Repeat every record below exactly, but leave out any pictures.

>>>

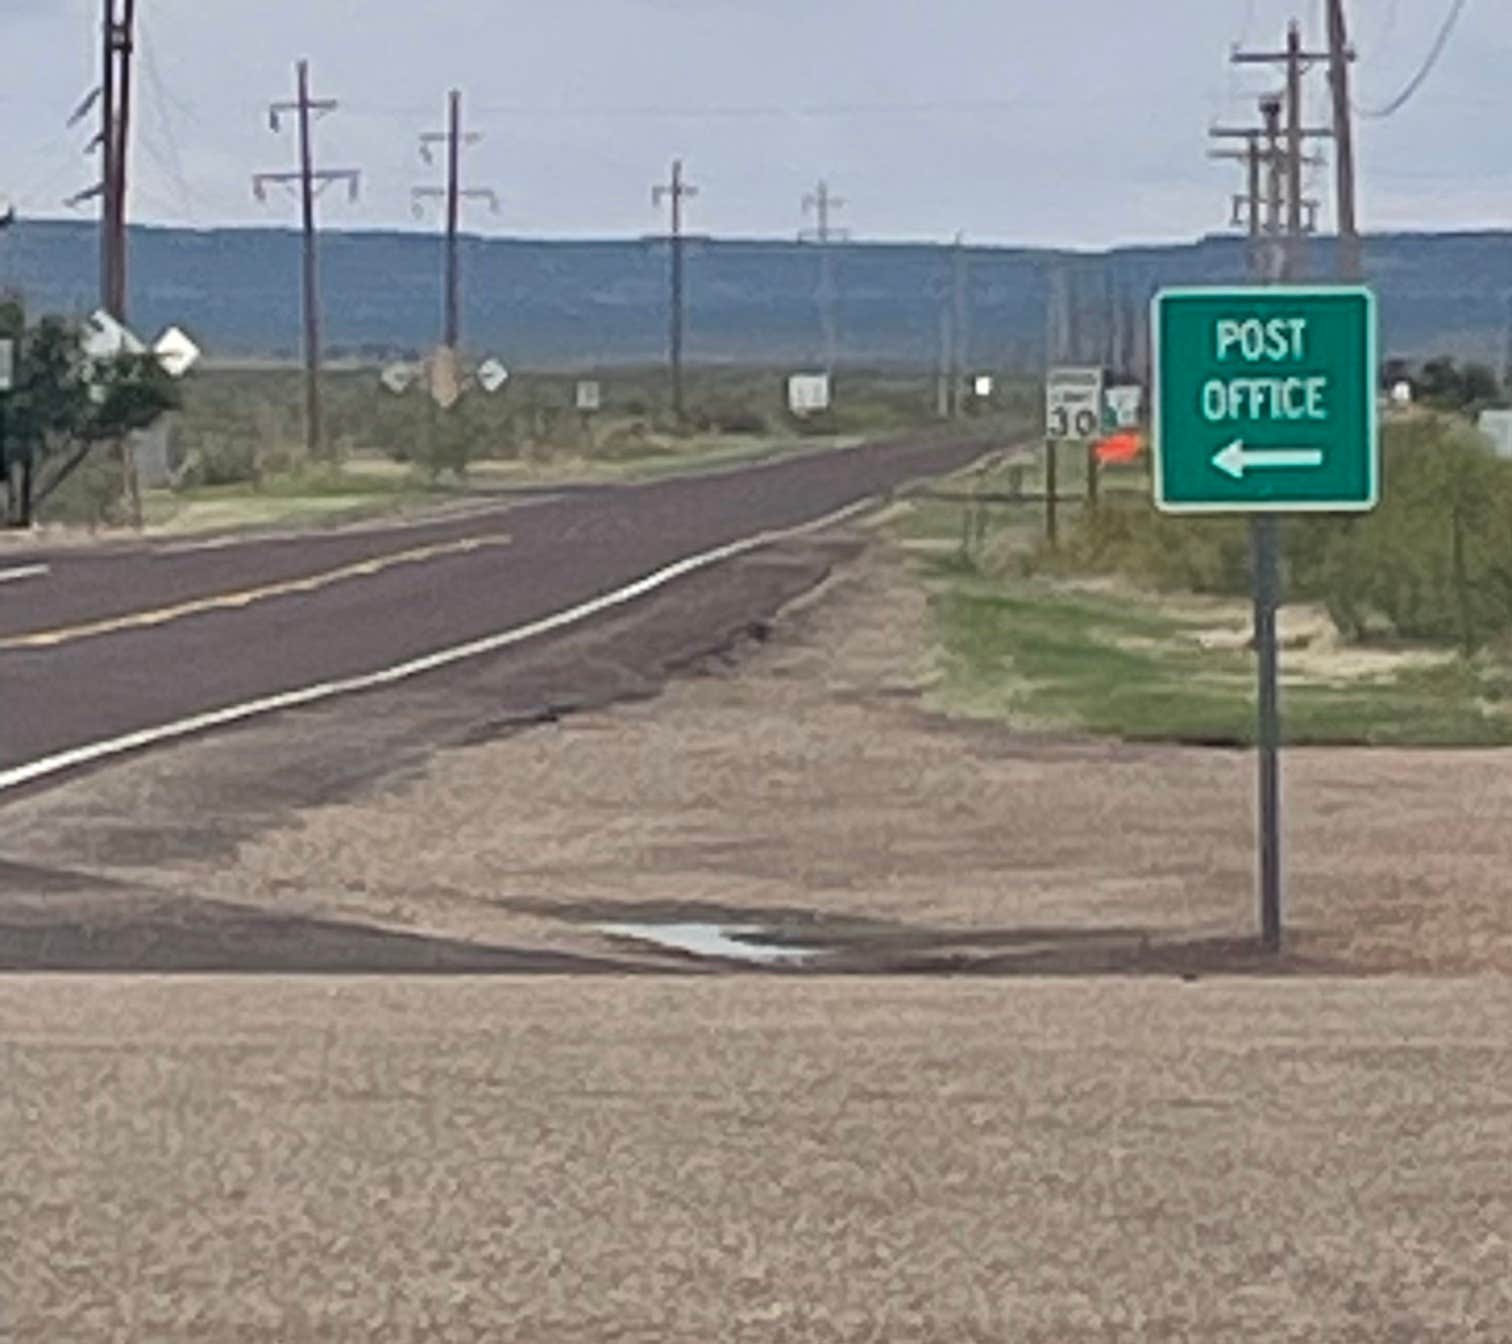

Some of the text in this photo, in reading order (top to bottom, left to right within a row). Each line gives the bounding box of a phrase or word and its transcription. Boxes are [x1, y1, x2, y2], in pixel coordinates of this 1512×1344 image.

[1216, 318, 1306, 362] POST
[1202, 376, 1328, 422] OFFICE
[1048, 406, 1097, 437] 30
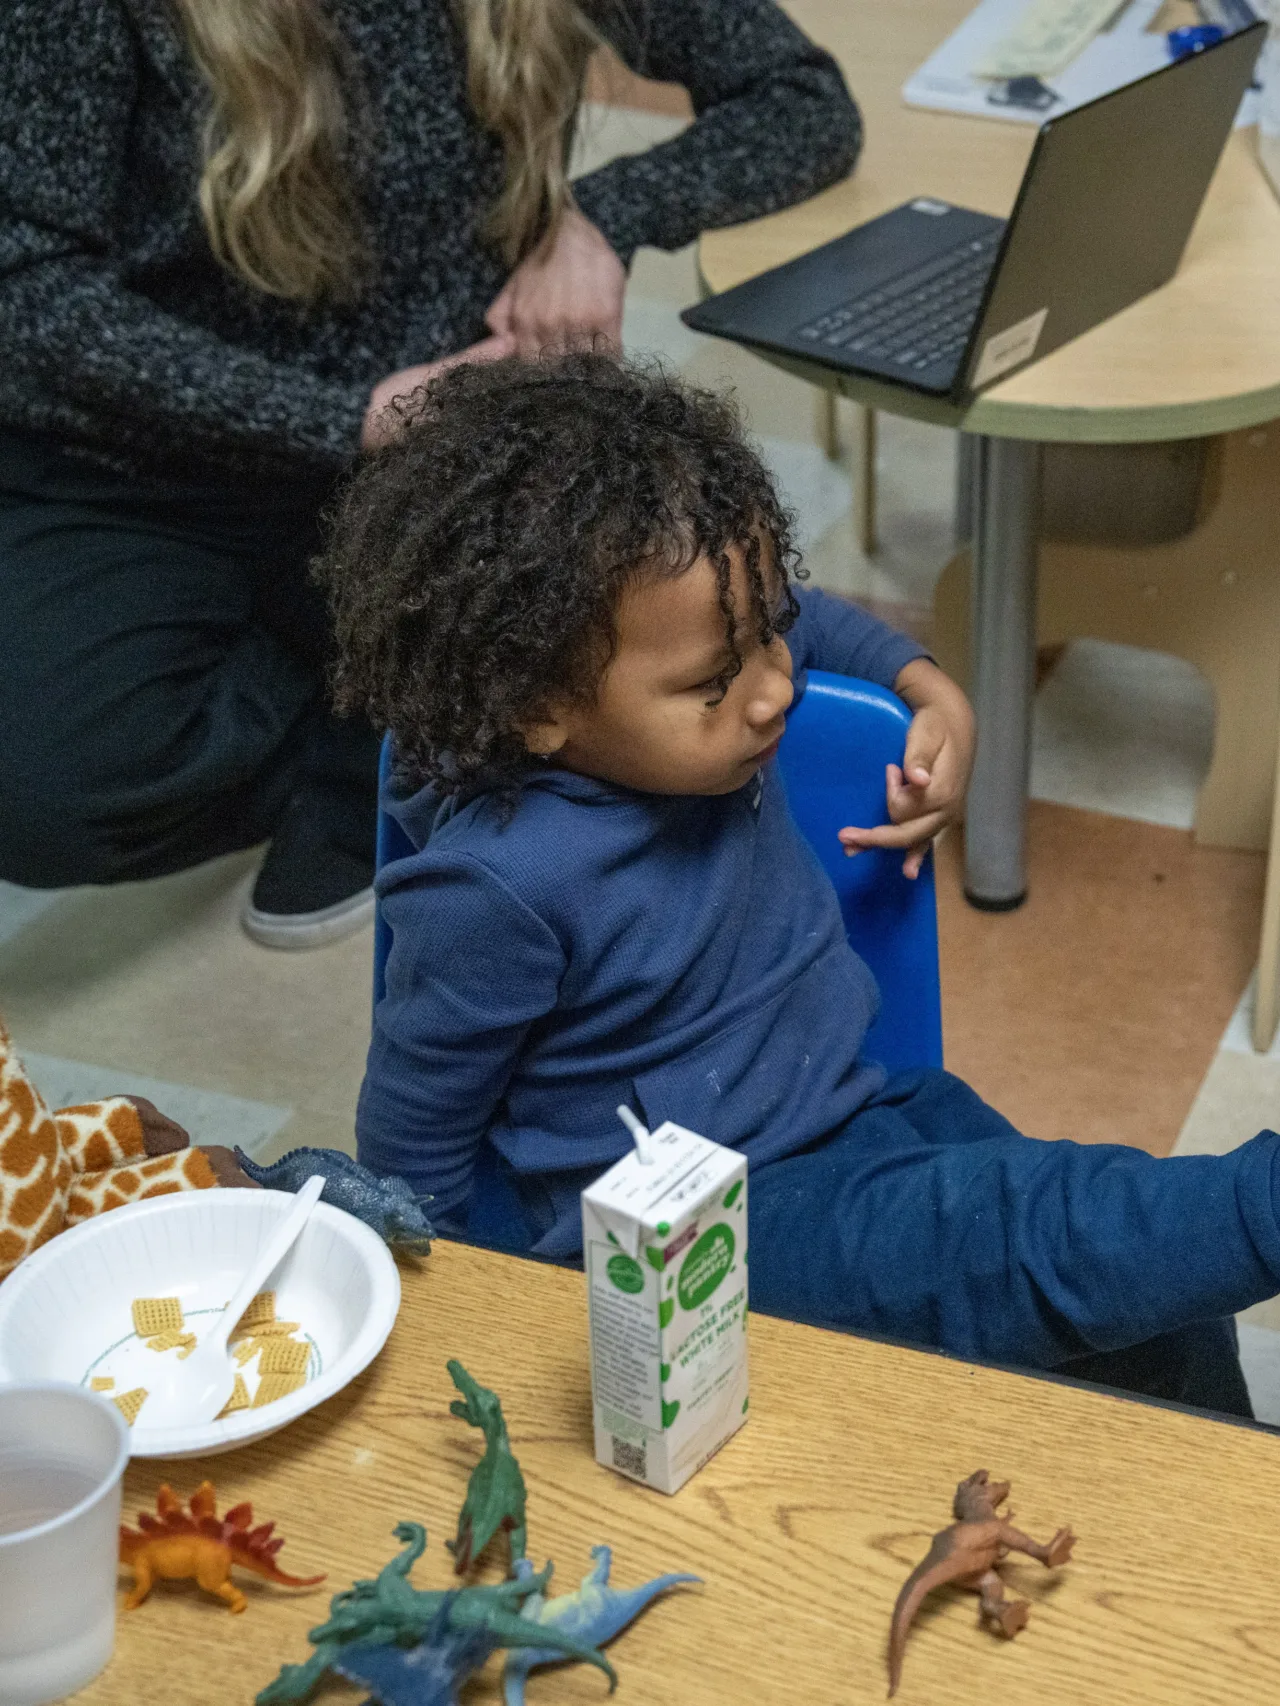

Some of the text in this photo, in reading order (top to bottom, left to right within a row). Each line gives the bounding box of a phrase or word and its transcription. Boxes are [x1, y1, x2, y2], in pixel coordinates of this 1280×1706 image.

[670, 1288, 745, 1361] LACTOSE FREE
[680, 1332, 713, 1369] WHITE
[716, 1311, 740, 1337] MILK
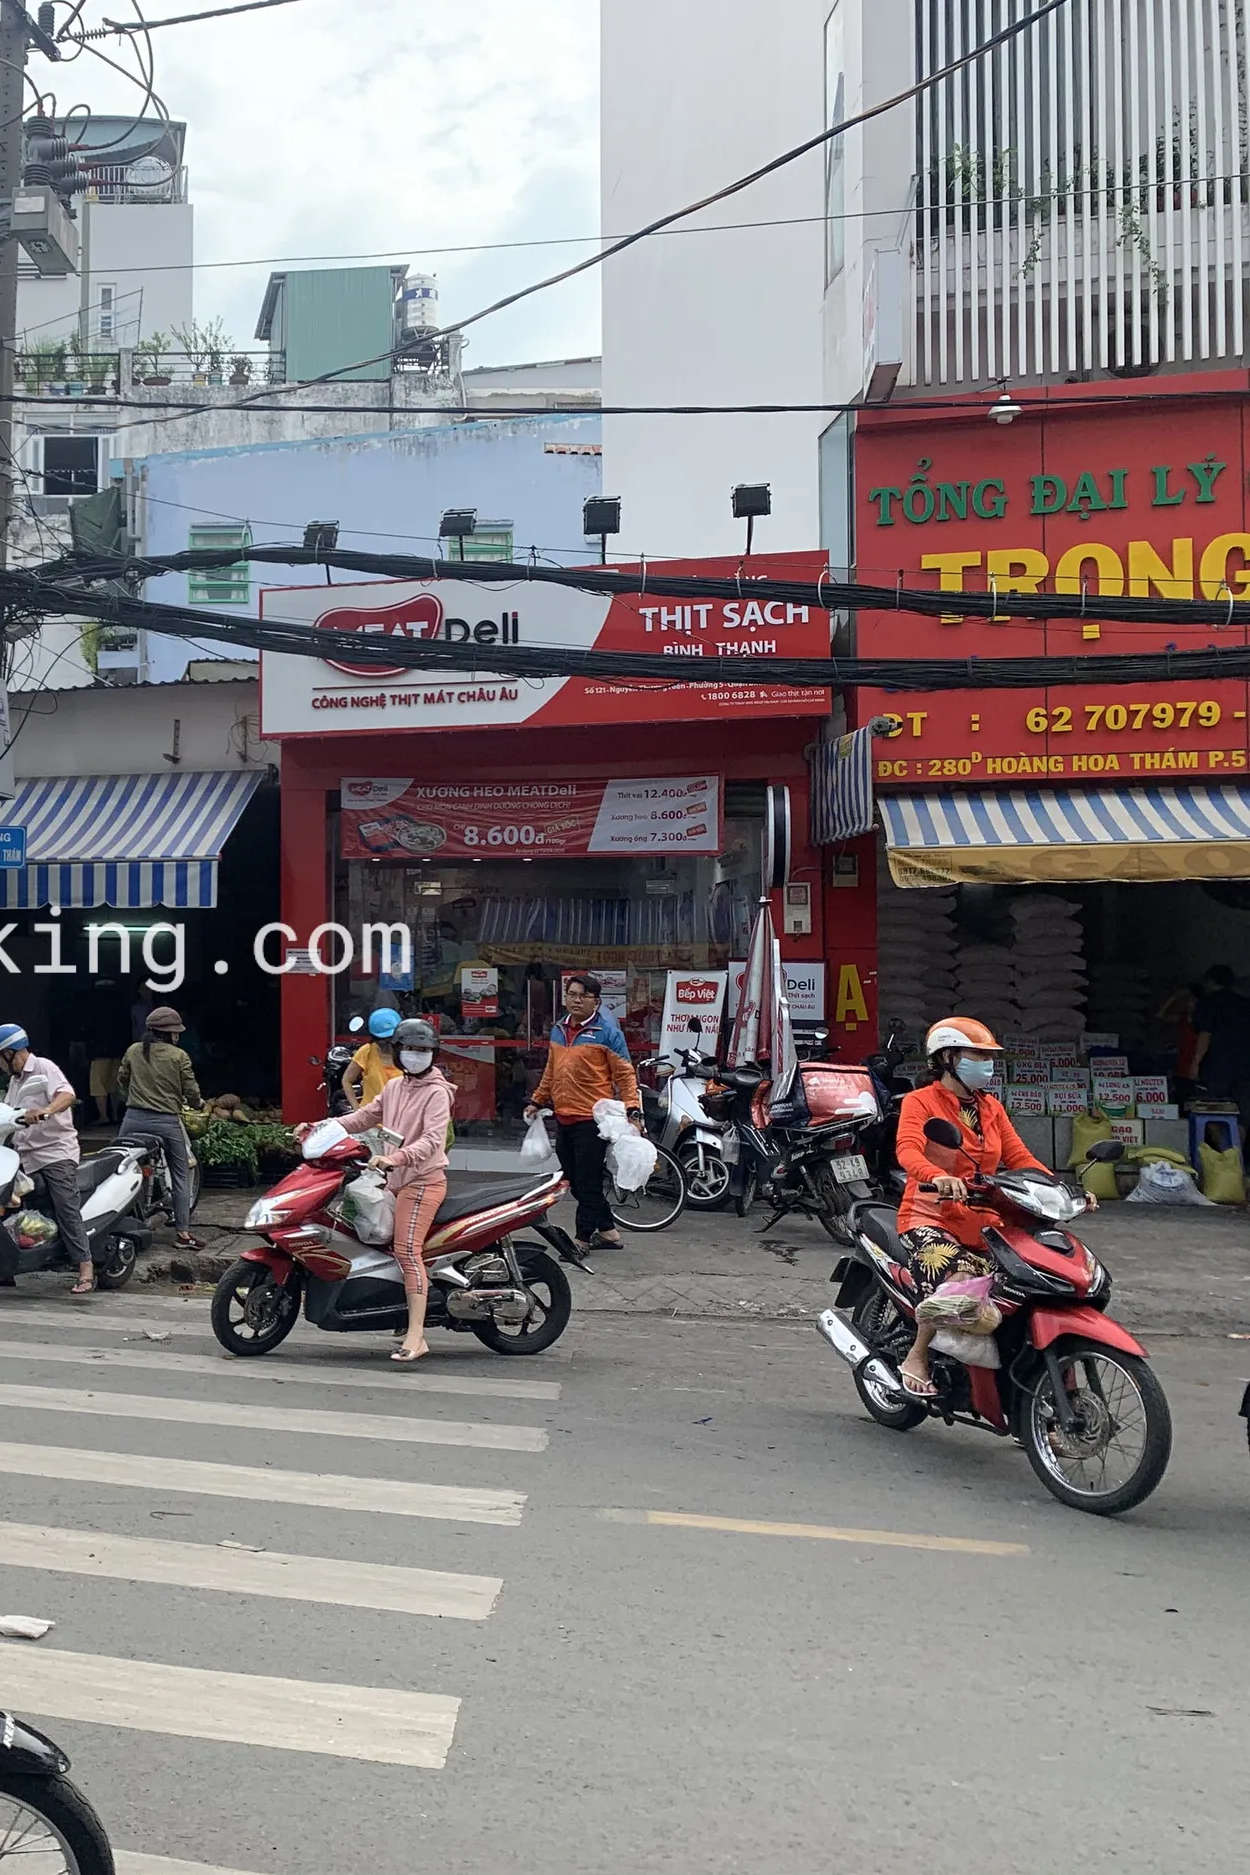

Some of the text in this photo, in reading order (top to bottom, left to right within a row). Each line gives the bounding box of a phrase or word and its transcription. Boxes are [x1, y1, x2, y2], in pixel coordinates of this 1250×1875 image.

<<<

▶ _Answer to this problem_
Some of the text in this photo, in reading order (top to bottom, left to right within a row). Each line gives the bounding box of a phrase or word and its transcription. Boxes are [x1, y1, x2, y2], in pixel coordinates of this 1512×1344 image.

[1216, 318, 1306, 362] POST
[1202, 376, 1328, 422] OFFICE
[1048, 406, 1097, 437] 30

Some of the text in this photo, in reading order (top to bottom, left to right within a row). Each line gives the bounding box of a phrase or word and its transcription. Boxes are [x1, y1, x2, y2], in pixel coordinates of this 1280×1706 image.

[670, 1288, 745, 1361] LACTOSE FREE
[680, 1332, 713, 1369] WHITE
[716, 1311, 740, 1337] MILK

Some of the text in this photo, in reading order (top to bottom, left to right within a row). Each line gives the bounding box of a phrase or word and its transcription. Boxes are [x1, y1, x2, y2], in pixel coordinates of this 1250×1875 image.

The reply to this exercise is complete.